▶ _Exercise description_:
Repeat every line of the data exactly; the pictures stay out.

Extracted records:
______________________________
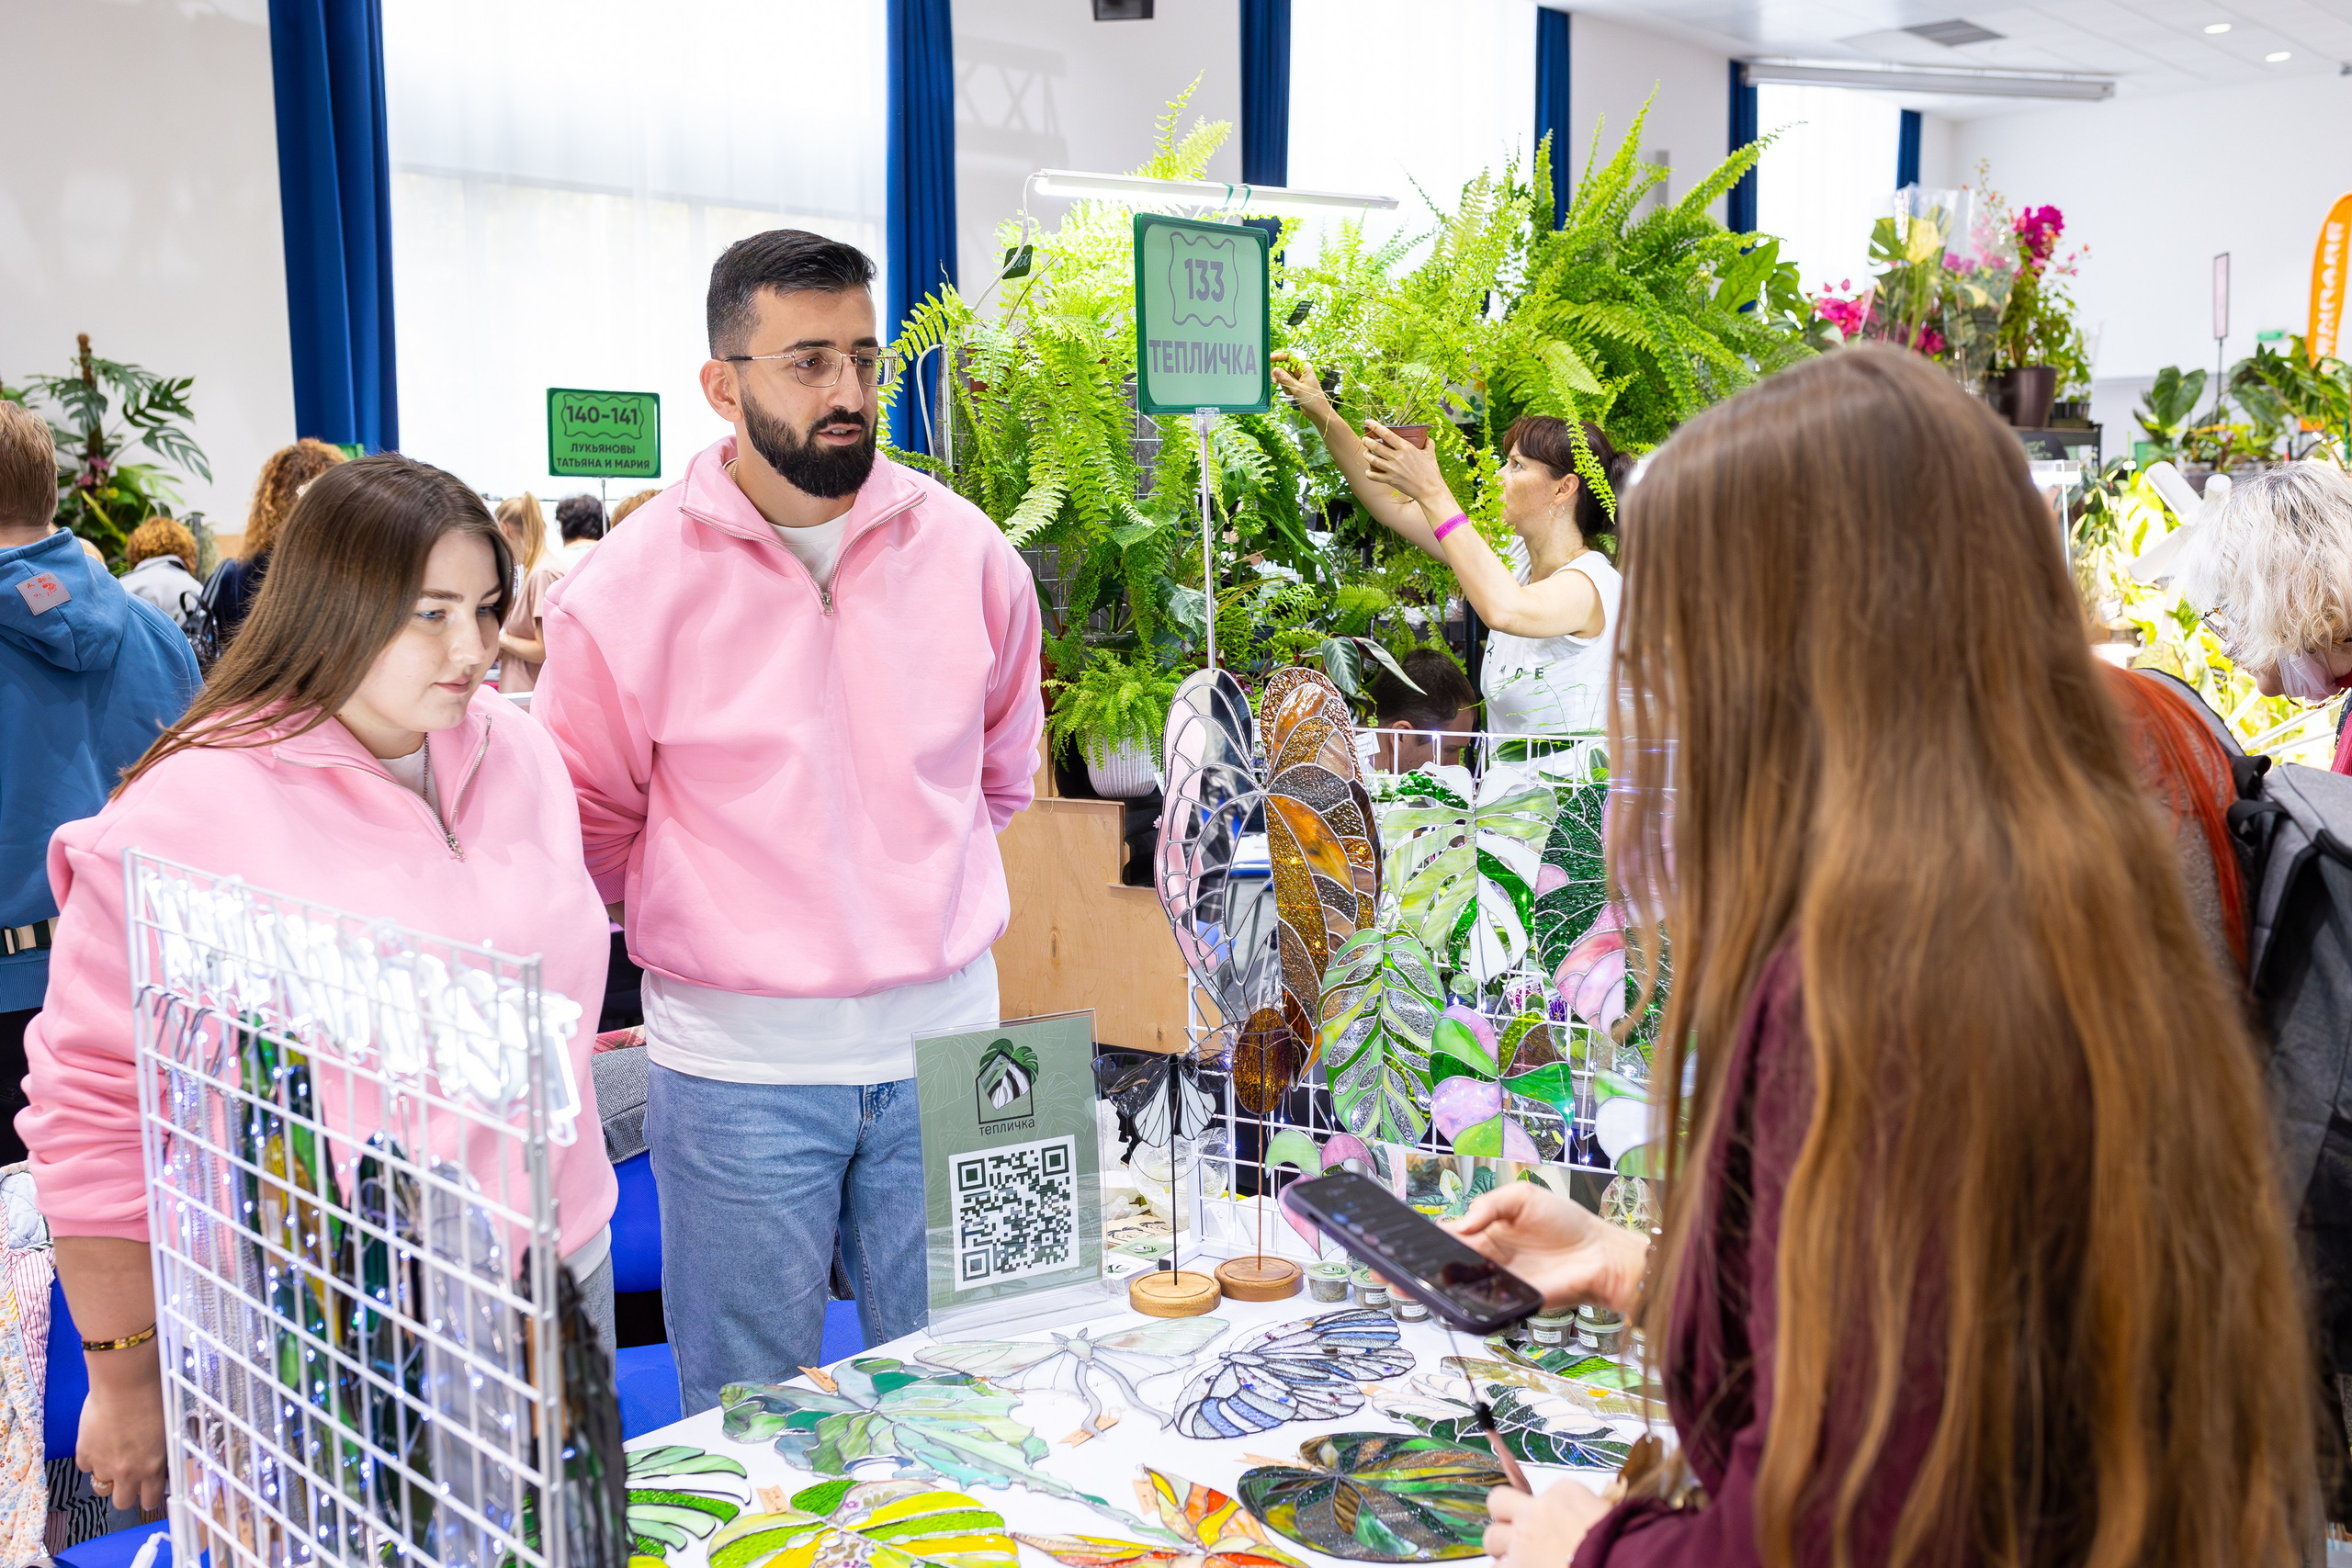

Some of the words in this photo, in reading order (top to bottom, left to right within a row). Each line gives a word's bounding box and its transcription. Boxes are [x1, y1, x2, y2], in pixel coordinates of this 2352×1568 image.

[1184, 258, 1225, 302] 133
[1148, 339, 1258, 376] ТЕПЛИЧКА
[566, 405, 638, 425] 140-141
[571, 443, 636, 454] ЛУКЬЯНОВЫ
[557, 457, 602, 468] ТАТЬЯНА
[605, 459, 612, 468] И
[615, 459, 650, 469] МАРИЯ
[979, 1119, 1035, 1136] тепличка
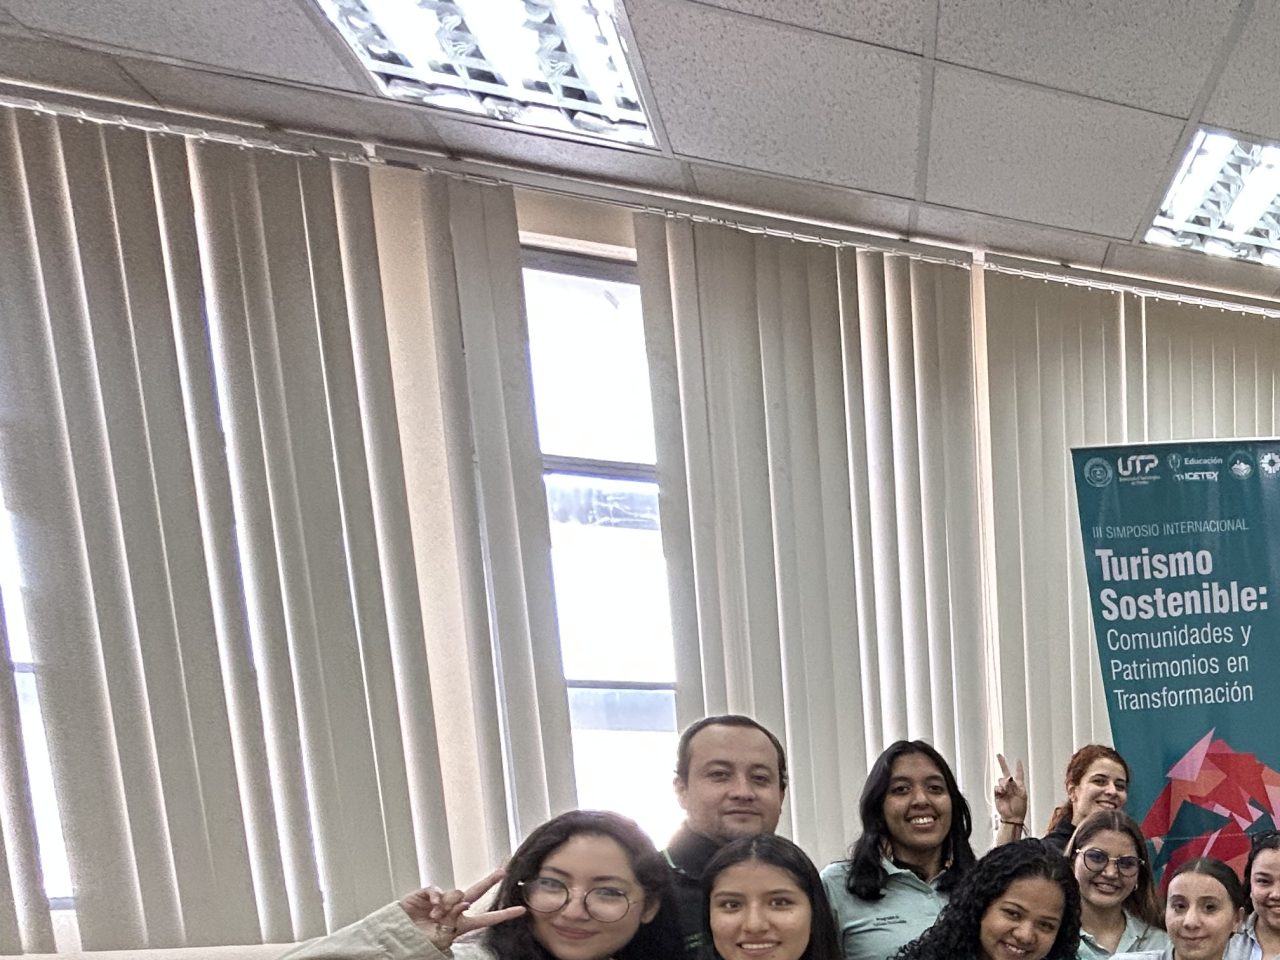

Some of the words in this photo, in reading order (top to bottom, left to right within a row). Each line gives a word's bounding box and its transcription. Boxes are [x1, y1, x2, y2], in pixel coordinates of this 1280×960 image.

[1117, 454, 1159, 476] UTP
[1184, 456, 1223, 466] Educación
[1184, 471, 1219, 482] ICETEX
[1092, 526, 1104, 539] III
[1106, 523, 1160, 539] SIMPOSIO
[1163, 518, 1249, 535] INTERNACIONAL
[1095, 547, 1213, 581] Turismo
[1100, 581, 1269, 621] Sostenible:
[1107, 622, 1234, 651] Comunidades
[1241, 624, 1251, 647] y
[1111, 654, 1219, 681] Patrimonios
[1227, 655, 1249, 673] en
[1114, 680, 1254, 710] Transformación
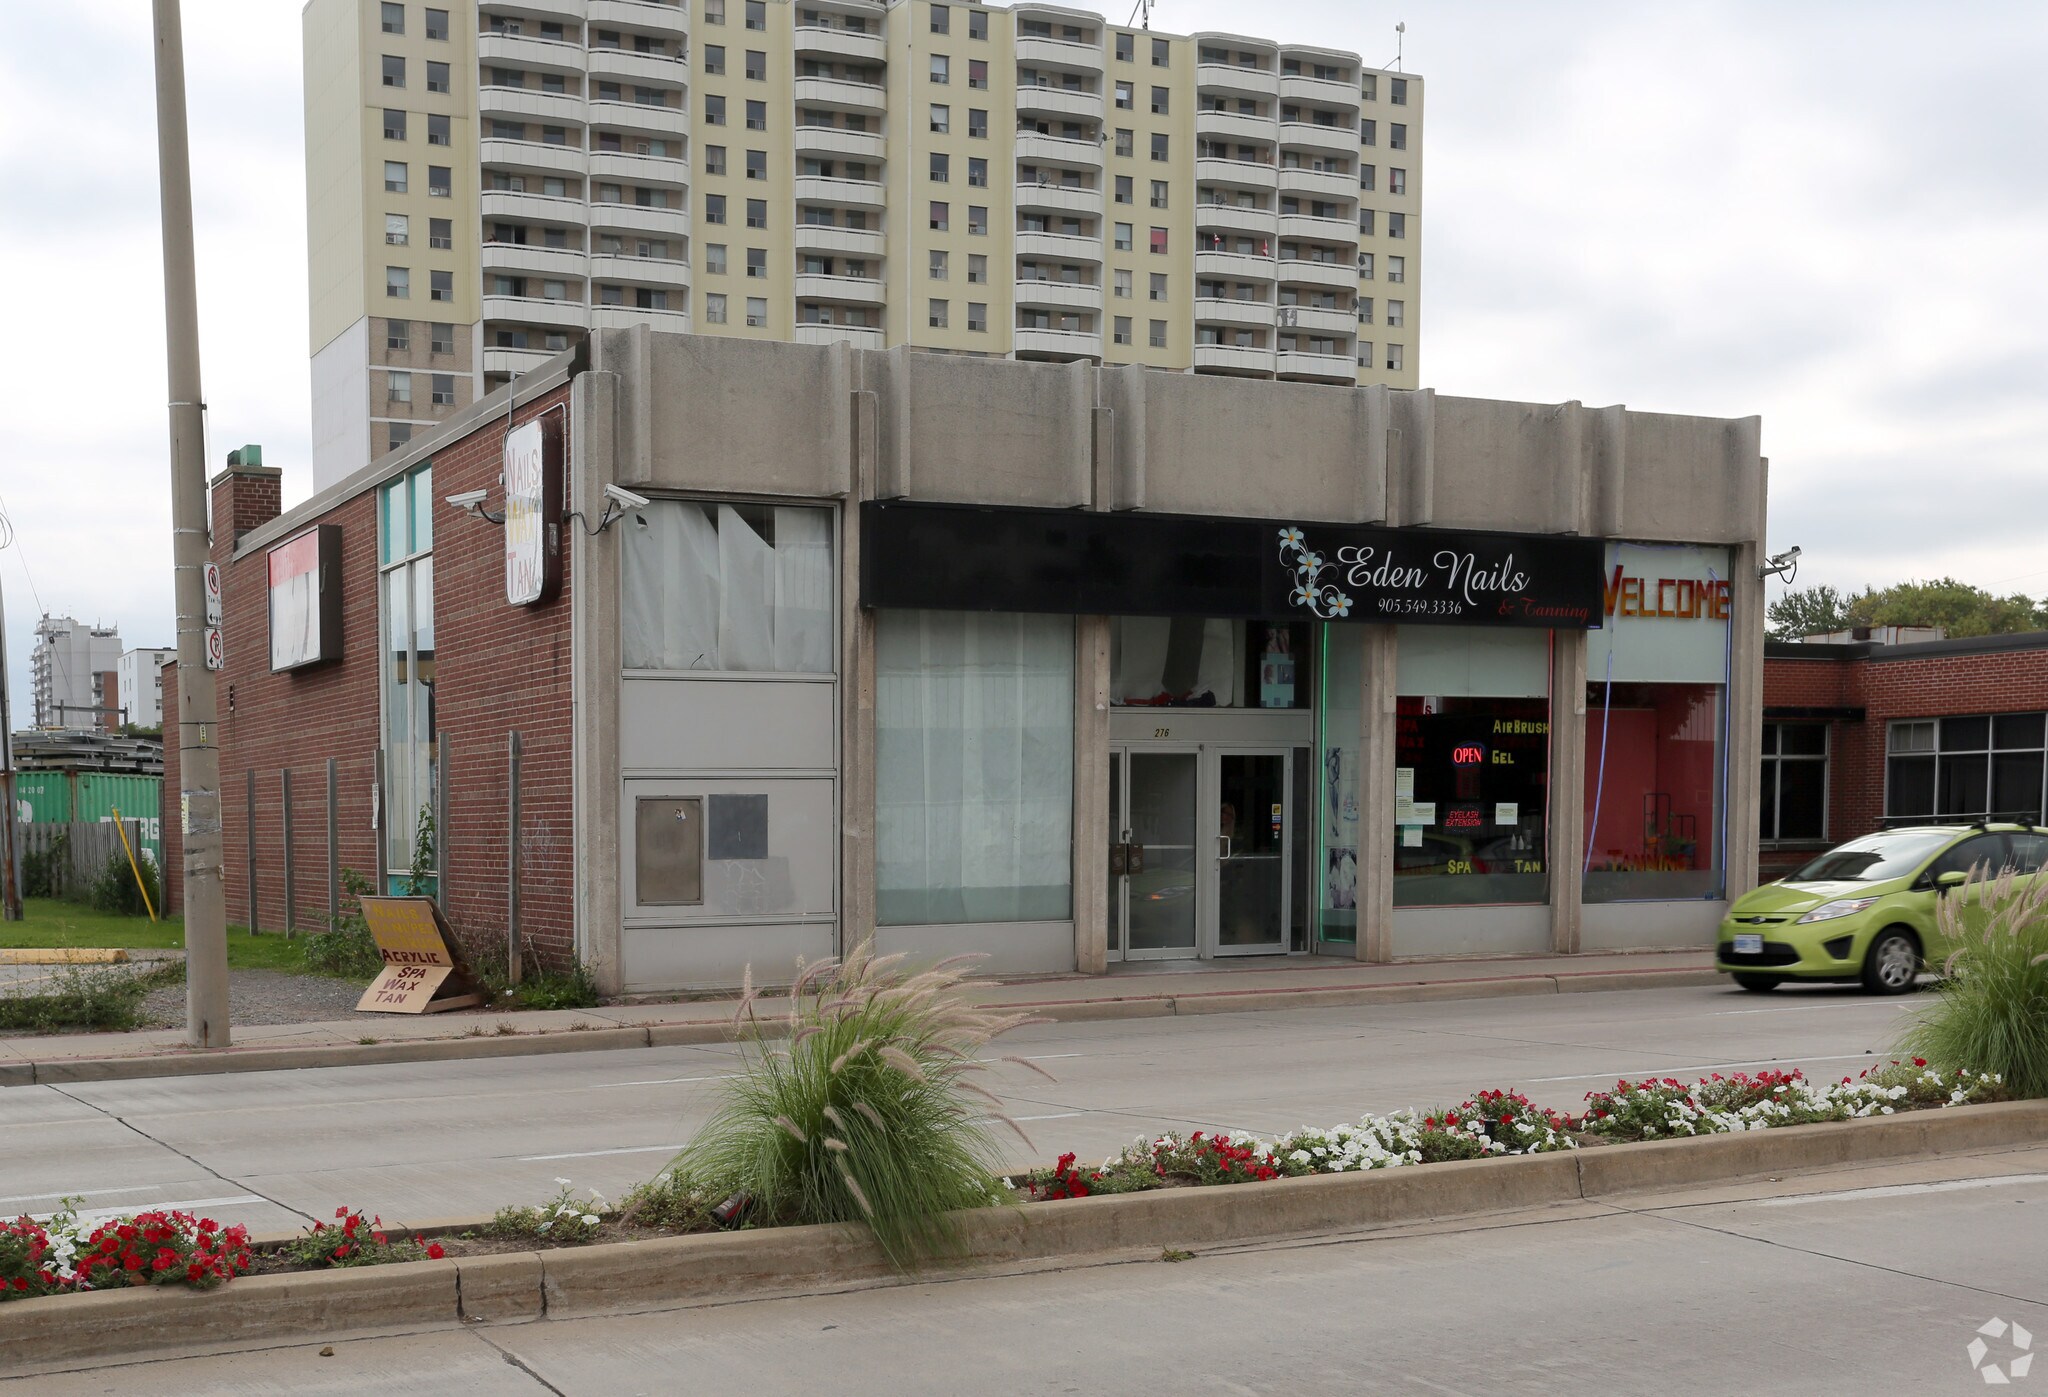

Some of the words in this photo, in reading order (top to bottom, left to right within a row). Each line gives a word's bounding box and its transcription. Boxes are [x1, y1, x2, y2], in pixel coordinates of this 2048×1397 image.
______________________________
▶ _Answer to this task_:
Some of the words in this photo, in reading order (top to bottom, left to right within a row). Each line gives a word's bounding box and its transcription. Boxes are [x1, y1, x2, y2], in pixel coordinates of this 2352×1568 image.

[1184, 258, 1225, 302] 133
[1148, 339, 1258, 376] ТЕПЛИЧКА
[566, 405, 638, 425] 140-141
[571, 443, 636, 454] ЛУКЬЯНОВЫ
[557, 457, 602, 468] ТАТЬЯНА
[605, 459, 612, 468] И
[615, 459, 650, 469] МАРИЯ
[979, 1119, 1035, 1136] тепличка

Some of the words in this photo, in reading order (top to bottom, left to right within a row). Each line gives a word's bounding box and its transcription. Boxes are [x1, y1, x2, y2], in pixel coordinates of this 1280×960 image.

[1117, 454, 1159, 476] UTP
[1184, 456, 1223, 466] Educación
[1184, 471, 1219, 482] ICETEX
[1092, 526, 1104, 539] III
[1106, 523, 1160, 539] SIMPOSIO
[1163, 518, 1249, 535] INTERNACIONAL
[1095, 547, 1213, 581] Turismo
[1100, 581, 1269, 621] Sostenible:
[1107, 622, 1234, 651] Comunidades
[1241, 624, 1251, 647] y
[1111, 654, 1219, 681] Patrimonios
[1227, 655, 1249, 673] en
[1114, 680, 1254, 710] Transformación

Some of the words in this photo, in reading order (top to bottom, left to right within a row). Each line gives a word's bounding box and its transcription. Boxes are [x1, y1, x2, y2], in pixel coordinates of this 2048×1397 image.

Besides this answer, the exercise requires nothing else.